Justice Withheld Series

The News & Observer / North Carolina

Presented here as a public-educational service by

Bonnie M. Wells



A Rape Case Totters;

A Marine's Life Falls Apart

By Joseph Neff, Staff Writer

Born in Haiti, Lesly Jean immigrated at 12 to New York, where his few family members took little interest in him. He grew up in a part of Brooklyn where street fights were common.

At 19, he joined the U.S. Marine Corps to toughen himself up and to be with people he could count on for support, structure, even love. He went overseas, to the Mediterranean and through the Suez Canal.

Back at Camp Lejeune, on a Monday night in July 1982, he walked into a Dunkin' Donuts store and had his new life shredded.

A Jacksonville police officer stopped him. Jean, the officer said, resembled the composite drawing of a man who had raped a woman nearby five days before. Three months later, Jean was convicted of rape and sexual assault and shipped off to Central Prison to serve two consecutive life terms.

"I was 22, just beginning to grasp life for what it is," Jean said. "It was like cutting down a tree."

The jury had convicted Jean on the testimony of two eyewitnesses, the victim and a police officer who briefly stopped the rapist before he fled.

Their testimony was shaped by hypnosis, the details of which were withheld from Jean and his lawyer.

The hypnosis was conducted by the Jacksonville chief of detectives, Delma Collins, who had no training in psychiatry or psychology. Judges later ruled that Collins asked leading questions and focused the victim's attention on Jean's photo. He did not keep a detailed record of the subjects' pre-hypnosis memory.

Jean learned about the hypnosis only after the victim testified on direct examination.

Jean's lawyer twice asked the prosecutor for audiotapes, records or other material on the hypnosis but received nothing. Four Marines testified that Jean was in his barracks that night.

On one of his first days on the yard at Central Prison in 1982, he happened upon two men having sex behind a pillar. He learned to avoided danger spots, such as a remote corner by Central's old gym where rapes took place.

"I feared that the most," he said. "I thank God I kept my manhood."

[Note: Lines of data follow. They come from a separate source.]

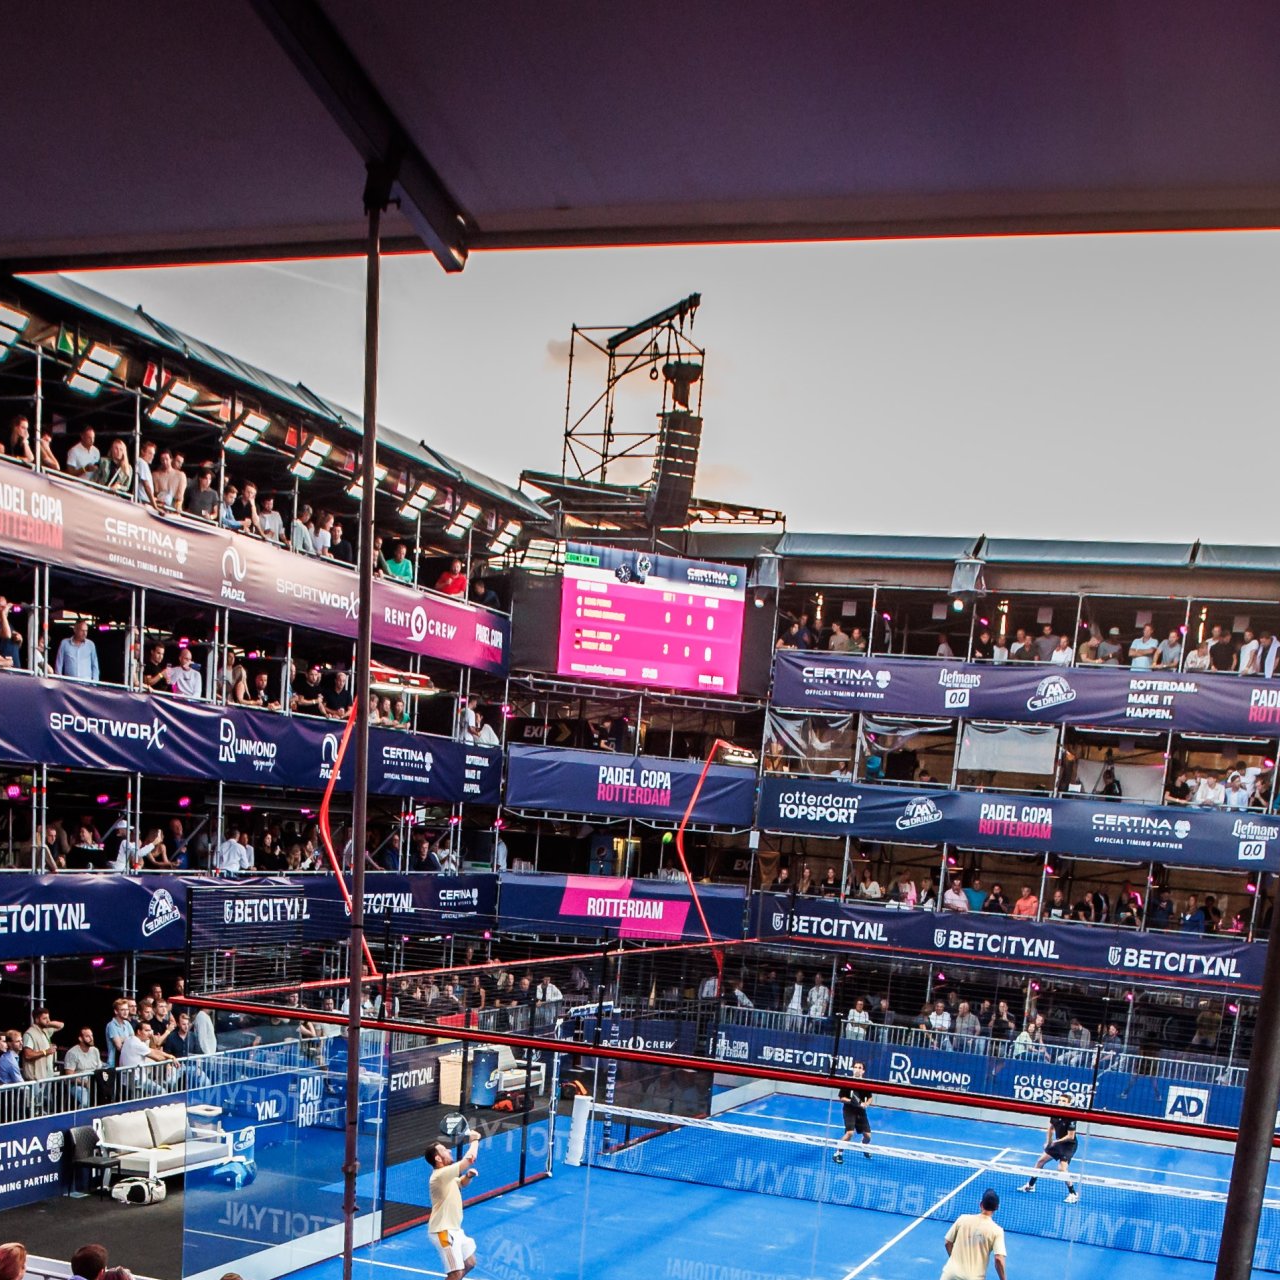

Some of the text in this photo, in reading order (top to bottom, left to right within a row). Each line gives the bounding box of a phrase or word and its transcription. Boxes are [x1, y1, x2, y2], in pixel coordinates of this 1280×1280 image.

[31, 491, 63, 524] COPA
[105, 517, 173, 548] CERTINA
[109, 554, 184, 579] OFFICIAL TIMING PARTNER
[221, 586, 245, 602] PADEL
[802, 666, 874, 680] CERTINA
[805, 689, 884, 699] OFFICIAL TIMING PARTNER
[1130, 679, 1197, 693] ROTTERDAM.
[949, 691, 966, 704] 0.0
[1042, 693, 1067, 706] DRINK
[1128, 693, 1173, 705] MAKE IT
[1126, 707, 1173, 720] HAPPEN.
[50, 712, 168, 750] SPORTWORX
[383, 746, 424, 762] CERTINA
[599, 766, 671, 789] PADEL COPA
[597, 784, 670, 807] ROTTERDAM
[779, 792, 859, 809] rotterdam
[779, 803, 858, 824] TOPSPORT
[909, 812, 934, 825] DRINK
[980, 803, 1053, 825] PADEL COPA
[1092, 814, 1171, 829] CERTINA
[978, 818, 1052, 840] ROTTERDAM
[1125, 838, 1151, 847] TIMING
[1153, 841, 1183, 849] PARTNER
[1243, 844, 1262, 857] 0.0
[587, 897, 663, 920] ROTTERDAM
[790, 915, 888, 942] BETCITY.NL
[948, 929, 1060, 960] BETCITY.NL
[1124, 948, 1241, 978] BETCITY.NL
[1168, 1094, 1204, 1117] AD
[23, 1172, 59, 1189] PARTNER
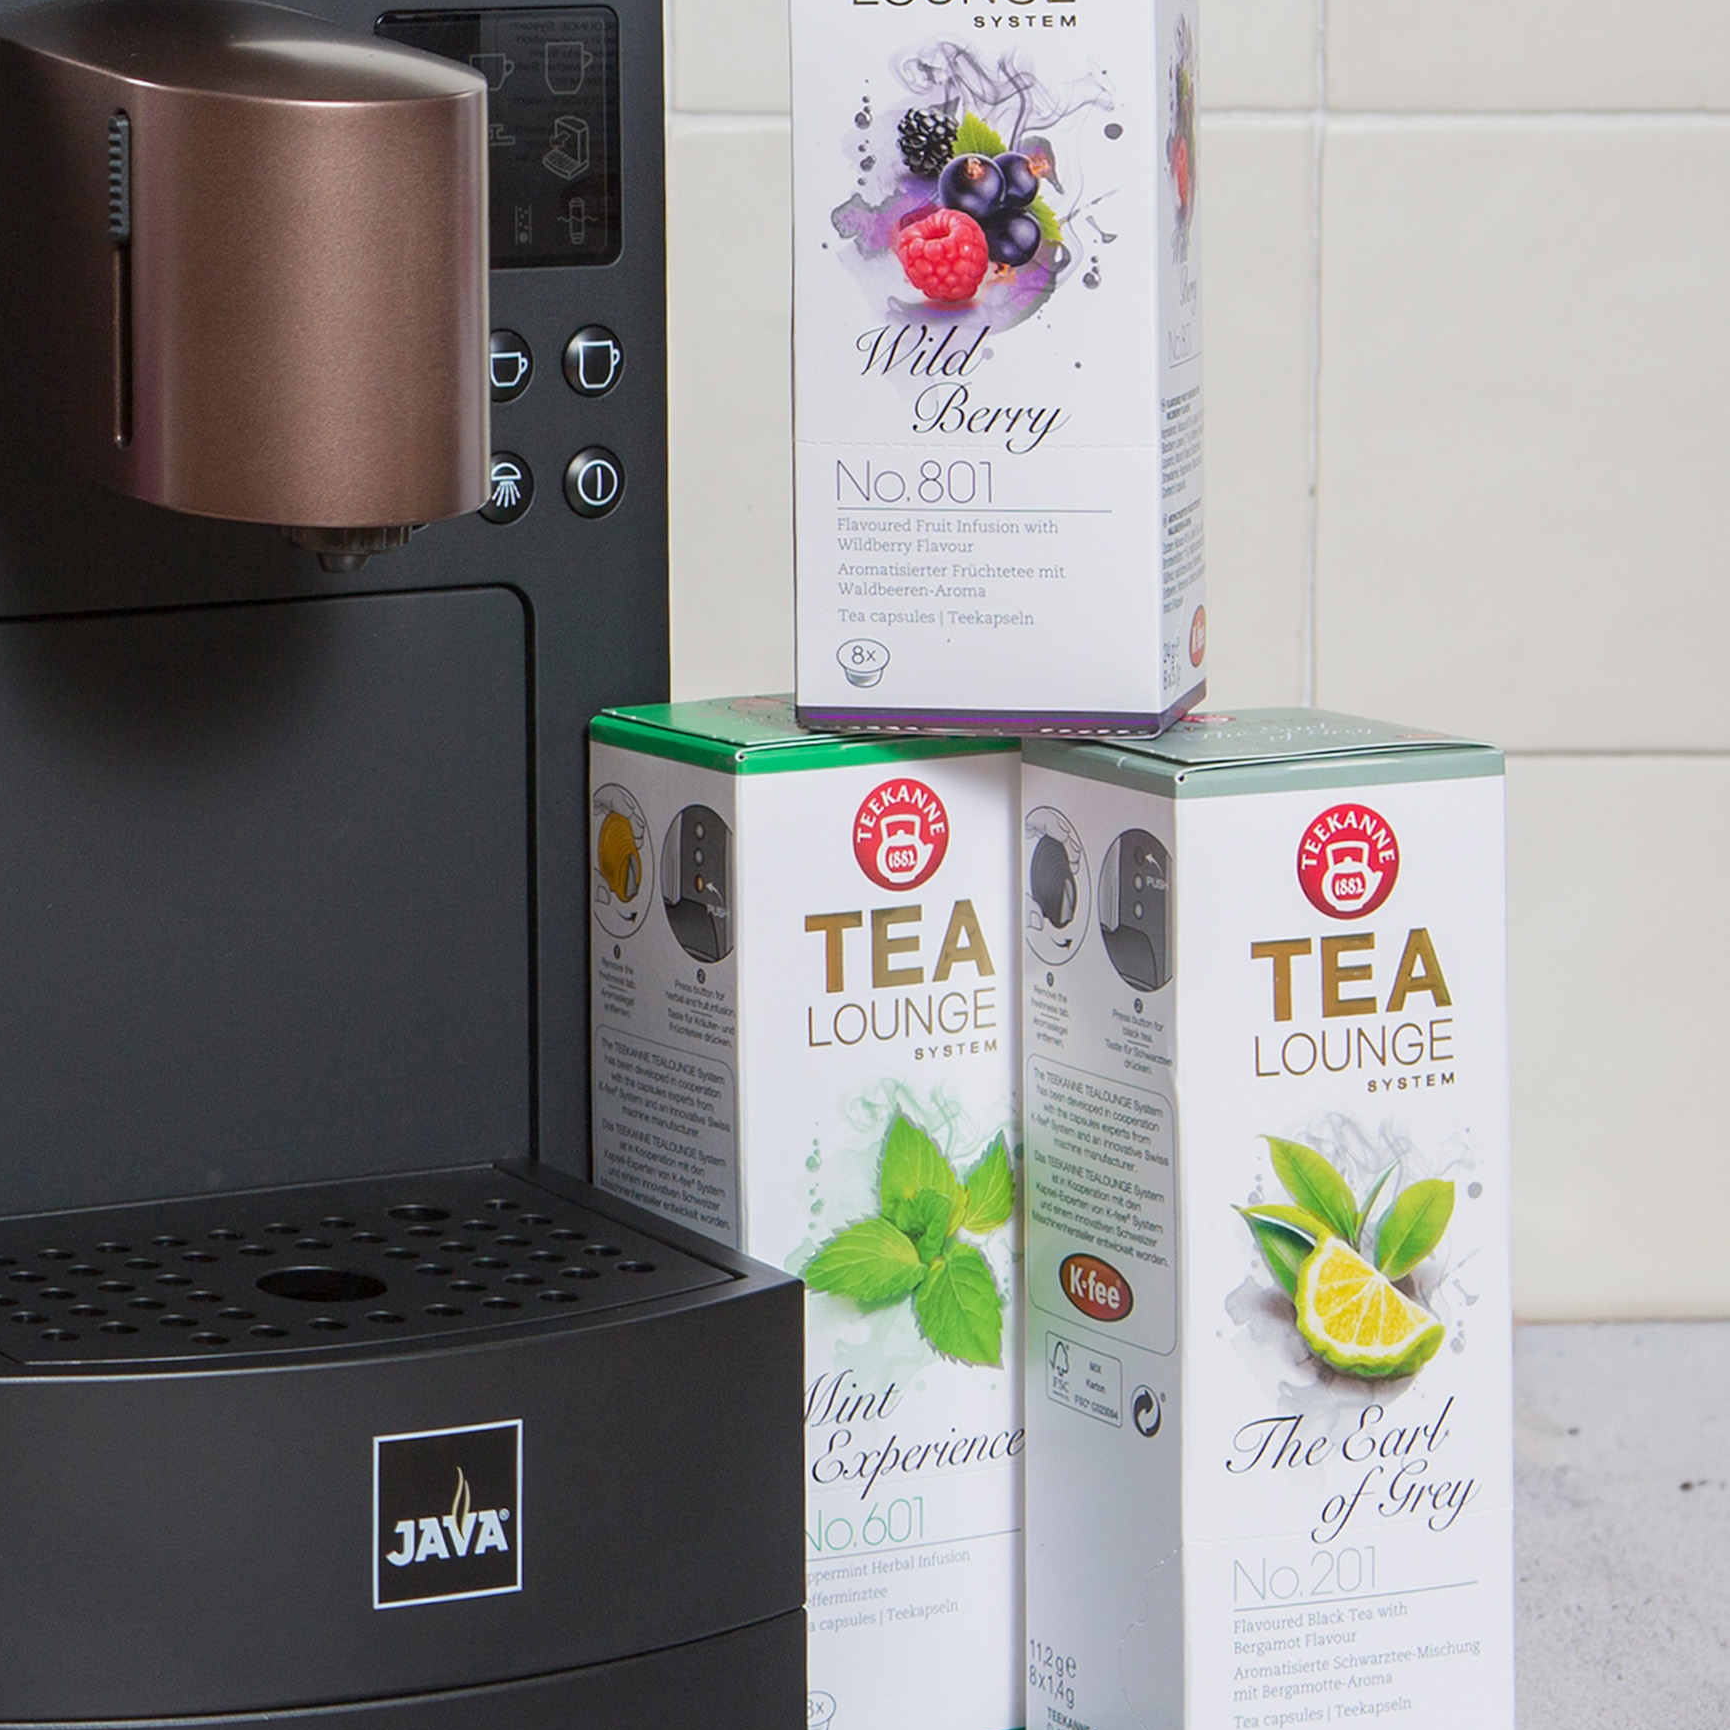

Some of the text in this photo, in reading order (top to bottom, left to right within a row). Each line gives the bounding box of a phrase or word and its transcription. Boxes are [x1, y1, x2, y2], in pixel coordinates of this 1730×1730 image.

[974, 15, 1076, 28] SYSTEM
[857, 324, 991, 376] Wild
[913, 383, 1061, 453] Berry
[838, 517, 1058, 533] Flavoured Fruit Infusion with
[837, 537, 974, 556] Wildberry Flavour
[838, 563, 1065, 578] Aromatisierter Früchtetee mit
[838, 582, 986, 597] Waldbeeren-Aroma
[838, 609, 1034, 628] Tea capsules Teekapseln
[852, 645, 876, 665] 8x
[857, 784, 945, 843] TEEKANNE
[1301, 809, 1396, 870] TEEKANNE
[888, 850, 917, 870] 1882
[1335, 875, 1364, 896] 1882
[805, 899, 995, 1000] TEA
[1251, 928, 1452, 1022] TEA
[808, 988, 996, 1050] LOUNGE
[915, 1039, 997, 1060] SYSTEM
[1255, 1018, 1453, 1077] LOUNGE
[1368, 1072, 1454, 1092] SYSTEM
[1226, 1396, 1454, 1472] The Earl
[812, 1426, 1026, 1501] Experience
[1311, 1460, 1474, 1543] of Grey
[386, 1509, 509, 1566] JAVA
[1234, 1602, 1407, 1634] Flavoured Black Tea with
[1234, 1632, 1357, 1657] Bergamot Flavour
[1234, 1641, 1480, 1680] Aromatisierte Schwarztee-Mischung
[1234, 1673, 1392, 1701] mit Bergamotte-Aroma
[1233, 1696, 1411, 1729] Tea capsules Teekapseln

Jean lucked into a passionate advocate, Paul Green, a lawyer at N.C. Prisoner Legal Services. Green got a court order to unearth the audio recordings and other materials. The 4th U.S. Circuit Court of Appeals freed Jean in 1991. Had prosecutors handed over the recordings and records of the hypnosis, Jean probably would not have been convicted, the court said.

Collins, the chief of detectives, said he discussed the hypnosis with the district attorney's office. Walter Vatcher, the assistant prosecutor who tried the case, said the police never gave him the tapes. Still, he said he feels terrible and regrets his cross-examination of Jean, when he skewered Jean for watching a pornographic movie with a girlfriend.

"That was very prejudicial," Vatcher said. "I think about it at night; I was responsible for this guy serving nine years."

Once out, Jean asked for a pardon. Gov. Jim Martin said no. Jean moved in with his stepmother in New York, held a series of jobs and married. After his initial thrill with freedom, Jean's life began slipping.

He drank too much. He tried crack cocaine.

"I tried to kill myself," Jean said. "Not with a gun, not running in front of a train, but indirectly, drinking and drugging."

Six years after prison, after his dishonorable discharge was upgraded to an honorable discharge, Jean finally went for help. He was diagnosed with post-traumatic stress disorder.

In 2001, a DNA test exonerated Jean. Gov. Mike Easley pardoned him, and the state paid him $90,000 under the terms of a 1997 law that gives $10,000 a year to those who have been wrongly convicted.

In January of this year, Jean slipped as he was running down the stairs of a Bronx rooming house. He ruptured an artery in his thigh. The blood pooled in his leg, and Jean fell into a coma for two months. He's now at a public rehabilitation hospital on Roosevelt Island in New York City.

Surgery left Jean's right thigh looking like a split loaf of bread. His left leg functions, but touching his right foot to the ground is excruciating, so he uses a wheelchair.

Jean, 43, has no family to turn to. His mother and sister are dead. His father is near death. He is estranged from his brother and his wife. Open and gregarious by nature, Jean struggles to keep his spirits up or keep his faith in God.

"I haven't accomplished much in my life,'' he said. "I don't know how I am going to make it."